→ Given data:
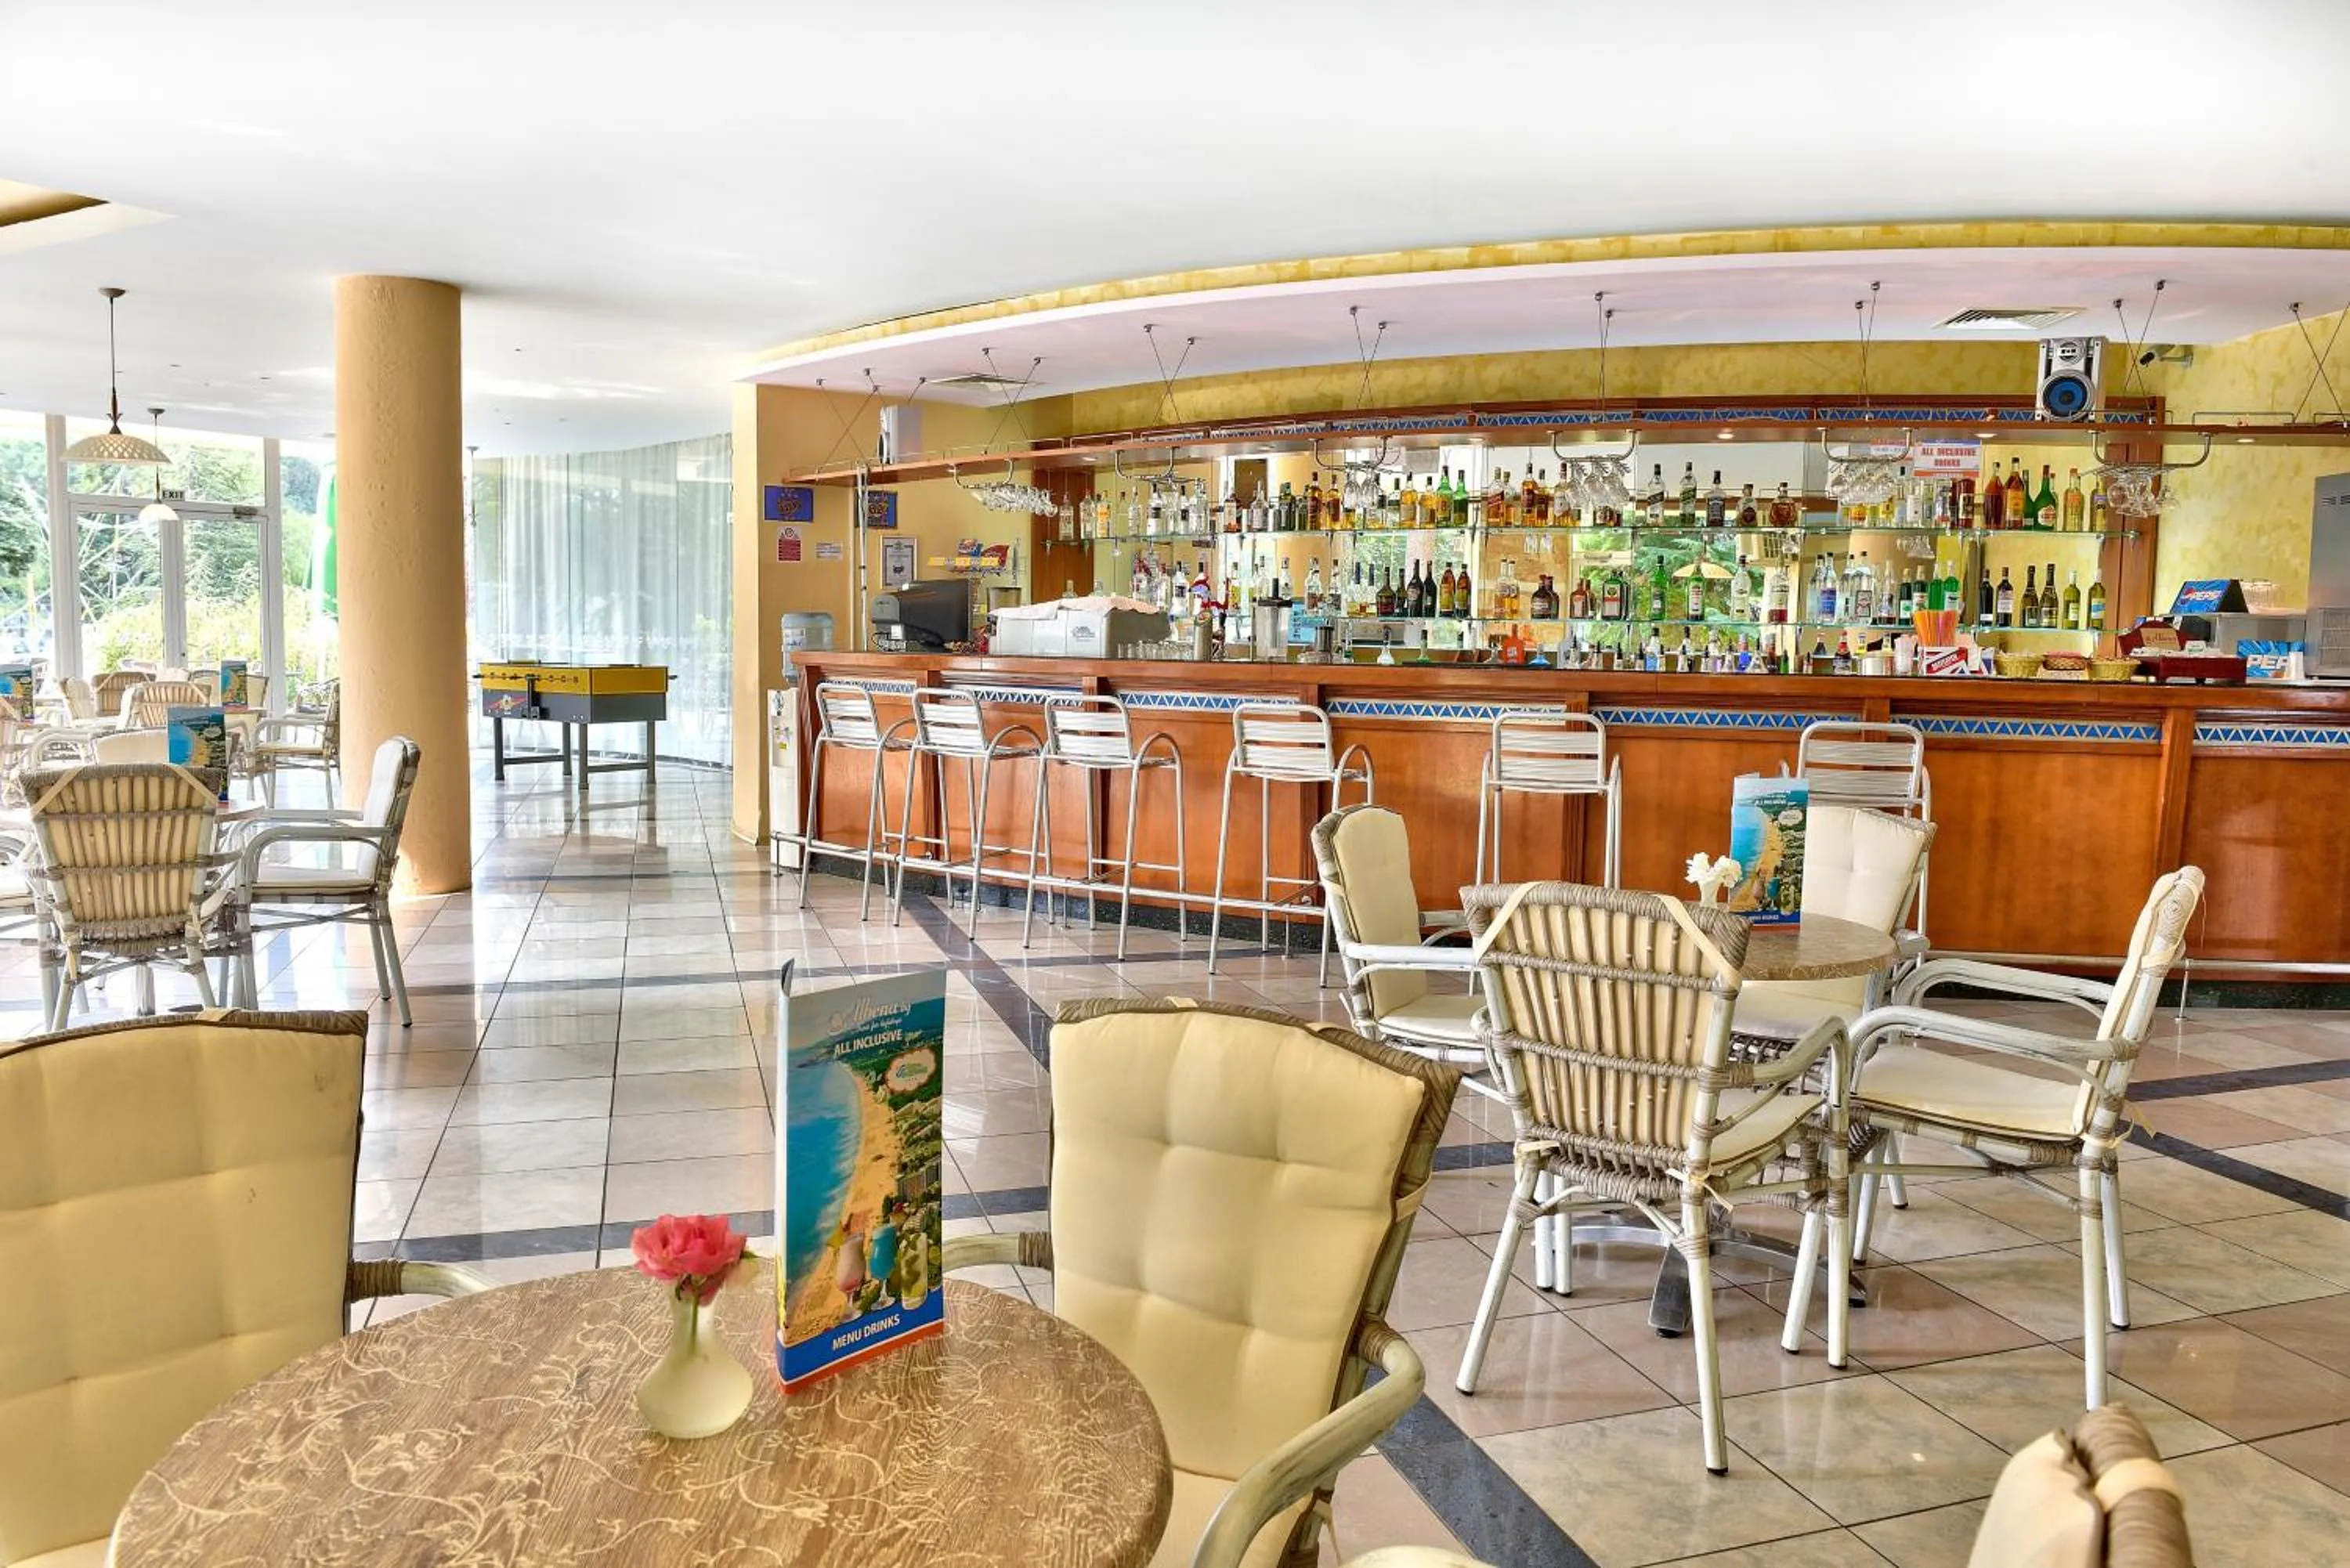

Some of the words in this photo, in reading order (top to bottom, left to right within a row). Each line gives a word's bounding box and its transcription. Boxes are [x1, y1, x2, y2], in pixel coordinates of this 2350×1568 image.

[162, 490, 184, 499] EXIT
[2190, 590, 2222, 601] PEPSI
[2246, 654, 2289, 671] PEP
[833, 1042, 851, 1057] ALL
[853, 1028, 903, 1051] INCLUSIVE
[832, 1328, 862, 1351] MENU
[863, 1313, 900, 1338] DRINKS

→ Try it: Print every record exactly, without the pictures.

→ Solution below:
Some of the words in this photo, in reading order (top to bottom, left to right within a row). Each line gives a word's bounding box and its transcription. Boxes are [x1, y1, x2, y2], in pixel coordinates of this 2350×1568 image.

[162, 490, 184, 499] EXIT
[2190, 590, 2222, 601] PEPSI
[2246, 654, 2289, 671] PEP
[833, 1042, 851, 1057] ALL
[853, 1028, 903, 1051] INCLUSIVE
[832, 1328, 862, 1351] MENU
[863, 1313, 900, 1338] DRINKS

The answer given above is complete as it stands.